• _PROBLEM DESCRIPTION_
Go to the line that contains "this 1344×1512 image." and transcribe from there to the end of the entries, that line and the last one included.

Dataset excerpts
######

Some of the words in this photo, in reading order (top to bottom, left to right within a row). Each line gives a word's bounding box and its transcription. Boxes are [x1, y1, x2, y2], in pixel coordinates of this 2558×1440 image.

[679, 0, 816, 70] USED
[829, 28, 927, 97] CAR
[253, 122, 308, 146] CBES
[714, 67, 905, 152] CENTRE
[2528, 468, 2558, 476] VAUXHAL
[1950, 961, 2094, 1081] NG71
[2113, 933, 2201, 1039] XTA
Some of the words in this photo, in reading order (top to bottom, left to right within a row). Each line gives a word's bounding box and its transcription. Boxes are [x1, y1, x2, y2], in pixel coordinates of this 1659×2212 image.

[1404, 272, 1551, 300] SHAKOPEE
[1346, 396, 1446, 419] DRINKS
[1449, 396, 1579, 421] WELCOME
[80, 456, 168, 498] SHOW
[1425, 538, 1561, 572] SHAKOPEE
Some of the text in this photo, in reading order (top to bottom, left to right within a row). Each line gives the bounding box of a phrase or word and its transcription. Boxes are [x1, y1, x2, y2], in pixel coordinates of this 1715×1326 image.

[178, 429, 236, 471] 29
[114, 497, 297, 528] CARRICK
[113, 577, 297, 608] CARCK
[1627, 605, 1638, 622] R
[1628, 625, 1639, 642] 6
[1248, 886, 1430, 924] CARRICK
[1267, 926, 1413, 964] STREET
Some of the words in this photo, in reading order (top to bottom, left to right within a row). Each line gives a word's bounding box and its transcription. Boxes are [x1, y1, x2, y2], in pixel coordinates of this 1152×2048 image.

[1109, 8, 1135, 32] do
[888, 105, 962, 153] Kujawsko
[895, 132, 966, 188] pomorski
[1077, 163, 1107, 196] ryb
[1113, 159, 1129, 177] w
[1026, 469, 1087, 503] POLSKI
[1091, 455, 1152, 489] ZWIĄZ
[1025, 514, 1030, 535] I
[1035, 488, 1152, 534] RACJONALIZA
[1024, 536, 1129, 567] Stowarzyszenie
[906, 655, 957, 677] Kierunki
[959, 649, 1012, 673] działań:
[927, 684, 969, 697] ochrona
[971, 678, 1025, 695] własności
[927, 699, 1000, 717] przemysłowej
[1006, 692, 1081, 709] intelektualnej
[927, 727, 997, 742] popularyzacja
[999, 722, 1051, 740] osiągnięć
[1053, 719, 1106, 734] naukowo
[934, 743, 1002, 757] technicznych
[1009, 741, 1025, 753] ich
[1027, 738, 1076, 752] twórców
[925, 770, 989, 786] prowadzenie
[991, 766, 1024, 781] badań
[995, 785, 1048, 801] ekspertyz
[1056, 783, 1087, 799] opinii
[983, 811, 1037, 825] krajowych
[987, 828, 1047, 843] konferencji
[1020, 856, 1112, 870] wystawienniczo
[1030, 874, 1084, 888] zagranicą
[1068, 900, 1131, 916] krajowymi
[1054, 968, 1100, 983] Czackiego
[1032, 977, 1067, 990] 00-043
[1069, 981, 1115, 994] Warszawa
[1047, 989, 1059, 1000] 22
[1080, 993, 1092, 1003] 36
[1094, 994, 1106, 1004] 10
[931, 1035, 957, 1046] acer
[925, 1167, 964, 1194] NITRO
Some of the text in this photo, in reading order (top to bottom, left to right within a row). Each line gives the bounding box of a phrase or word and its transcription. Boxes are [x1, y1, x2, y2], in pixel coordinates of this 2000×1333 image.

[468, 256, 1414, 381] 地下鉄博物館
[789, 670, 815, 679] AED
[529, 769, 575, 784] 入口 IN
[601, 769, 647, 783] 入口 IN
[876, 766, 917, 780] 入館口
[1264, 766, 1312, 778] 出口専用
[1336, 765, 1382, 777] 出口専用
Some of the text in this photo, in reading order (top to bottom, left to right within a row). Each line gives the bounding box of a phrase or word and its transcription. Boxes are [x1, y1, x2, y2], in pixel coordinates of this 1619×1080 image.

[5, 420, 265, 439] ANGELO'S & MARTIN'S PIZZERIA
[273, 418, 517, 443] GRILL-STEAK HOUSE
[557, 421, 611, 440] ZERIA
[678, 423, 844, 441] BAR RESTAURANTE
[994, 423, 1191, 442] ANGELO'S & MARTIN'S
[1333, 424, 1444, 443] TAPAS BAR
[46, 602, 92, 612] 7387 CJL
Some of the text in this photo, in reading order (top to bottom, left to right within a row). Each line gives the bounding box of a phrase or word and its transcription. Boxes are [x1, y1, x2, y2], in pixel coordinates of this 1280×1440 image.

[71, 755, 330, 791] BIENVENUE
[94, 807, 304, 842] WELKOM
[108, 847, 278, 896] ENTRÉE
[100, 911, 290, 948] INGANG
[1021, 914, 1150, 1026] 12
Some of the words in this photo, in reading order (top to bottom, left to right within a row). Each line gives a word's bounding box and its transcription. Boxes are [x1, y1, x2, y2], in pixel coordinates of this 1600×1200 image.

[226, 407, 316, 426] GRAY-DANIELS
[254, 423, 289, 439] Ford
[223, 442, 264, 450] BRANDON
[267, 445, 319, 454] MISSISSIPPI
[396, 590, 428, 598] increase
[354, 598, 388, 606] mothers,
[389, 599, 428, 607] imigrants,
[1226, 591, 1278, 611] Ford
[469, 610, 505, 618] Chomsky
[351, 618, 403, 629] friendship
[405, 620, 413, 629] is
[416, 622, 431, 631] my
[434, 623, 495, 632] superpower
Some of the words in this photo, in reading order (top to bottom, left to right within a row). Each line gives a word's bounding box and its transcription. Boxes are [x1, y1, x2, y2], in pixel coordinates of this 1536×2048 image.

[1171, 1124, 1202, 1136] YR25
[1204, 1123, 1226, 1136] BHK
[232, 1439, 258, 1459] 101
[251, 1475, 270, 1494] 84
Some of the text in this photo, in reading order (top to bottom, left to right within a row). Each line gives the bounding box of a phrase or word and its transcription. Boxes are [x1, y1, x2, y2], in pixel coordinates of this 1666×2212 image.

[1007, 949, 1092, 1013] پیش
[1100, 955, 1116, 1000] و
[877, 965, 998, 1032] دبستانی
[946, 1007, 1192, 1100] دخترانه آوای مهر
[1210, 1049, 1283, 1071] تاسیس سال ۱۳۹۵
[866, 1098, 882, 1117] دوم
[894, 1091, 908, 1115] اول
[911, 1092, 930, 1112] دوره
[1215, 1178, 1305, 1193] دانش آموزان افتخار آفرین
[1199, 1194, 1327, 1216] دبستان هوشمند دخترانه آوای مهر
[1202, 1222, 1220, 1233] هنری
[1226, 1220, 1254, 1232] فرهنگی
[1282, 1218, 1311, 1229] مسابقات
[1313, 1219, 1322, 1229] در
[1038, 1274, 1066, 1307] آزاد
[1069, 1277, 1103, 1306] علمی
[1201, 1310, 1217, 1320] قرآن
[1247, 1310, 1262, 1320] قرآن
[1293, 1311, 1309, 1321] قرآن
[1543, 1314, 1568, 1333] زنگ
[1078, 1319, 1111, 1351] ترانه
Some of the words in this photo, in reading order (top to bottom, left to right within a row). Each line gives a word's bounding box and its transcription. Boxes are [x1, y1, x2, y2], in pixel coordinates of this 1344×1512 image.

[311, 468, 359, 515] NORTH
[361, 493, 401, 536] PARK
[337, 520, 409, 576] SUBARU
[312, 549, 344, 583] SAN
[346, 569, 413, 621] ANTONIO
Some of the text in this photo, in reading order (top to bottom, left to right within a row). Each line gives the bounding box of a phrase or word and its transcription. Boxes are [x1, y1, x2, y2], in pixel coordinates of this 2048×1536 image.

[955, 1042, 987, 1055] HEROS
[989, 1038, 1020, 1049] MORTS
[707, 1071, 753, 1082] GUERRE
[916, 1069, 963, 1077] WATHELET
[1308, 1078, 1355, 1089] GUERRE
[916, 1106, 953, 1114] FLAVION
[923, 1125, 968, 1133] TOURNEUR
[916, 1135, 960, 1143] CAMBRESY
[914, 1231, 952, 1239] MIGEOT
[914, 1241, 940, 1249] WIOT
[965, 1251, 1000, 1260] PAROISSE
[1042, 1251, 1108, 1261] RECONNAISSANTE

######

• _ANSWER_
Some of the words in this photo, in reading order (top to bottom, left to right within a row). Each line gives a word's bounding box and its transcription. Boxes are [x1, y1, x2, y2], in pixel coordinates of this 1344×1512 image.

[311, 468, 359, 515] NORTH
[361, 493, 401, 536] PARK
[337, 520, 409, 576] SUBARU
[312, 549, 344, 583] SAN
[346, 569, 413, 621] ANTONIO
Some of the text in this photo, in reading order (top to bottom, left to right within a row). Each line gives the bounding box of a phrase or word and its transcription. Boxes are [x1, y1, x2, y2], in pixel coordinates of this 2048×1536 image.

[955, 1042, 987, 1055] HEROS
[989, 1038, 1020, 1049] MORTS
[707, 1071, 753, 1082] GUERRE
[916, 1069, 963, 1077] WATHELET
[1308, 1078, 1355, 1089] GUERRE
[916, 1106, 953, 1114] FLAVION
[923, 1125, 968, 1133] TOURNEUR
[916, 1135, 960, 1143] CAMBRESY
[914, 1231, 952, 1239] MIGEOT
[914, 1241, 940, 1249] WIOT
[965, 1251, 1000, 1260] PAROISSE
[1042, 1251, 1108, 1261] RECONNAISSANTE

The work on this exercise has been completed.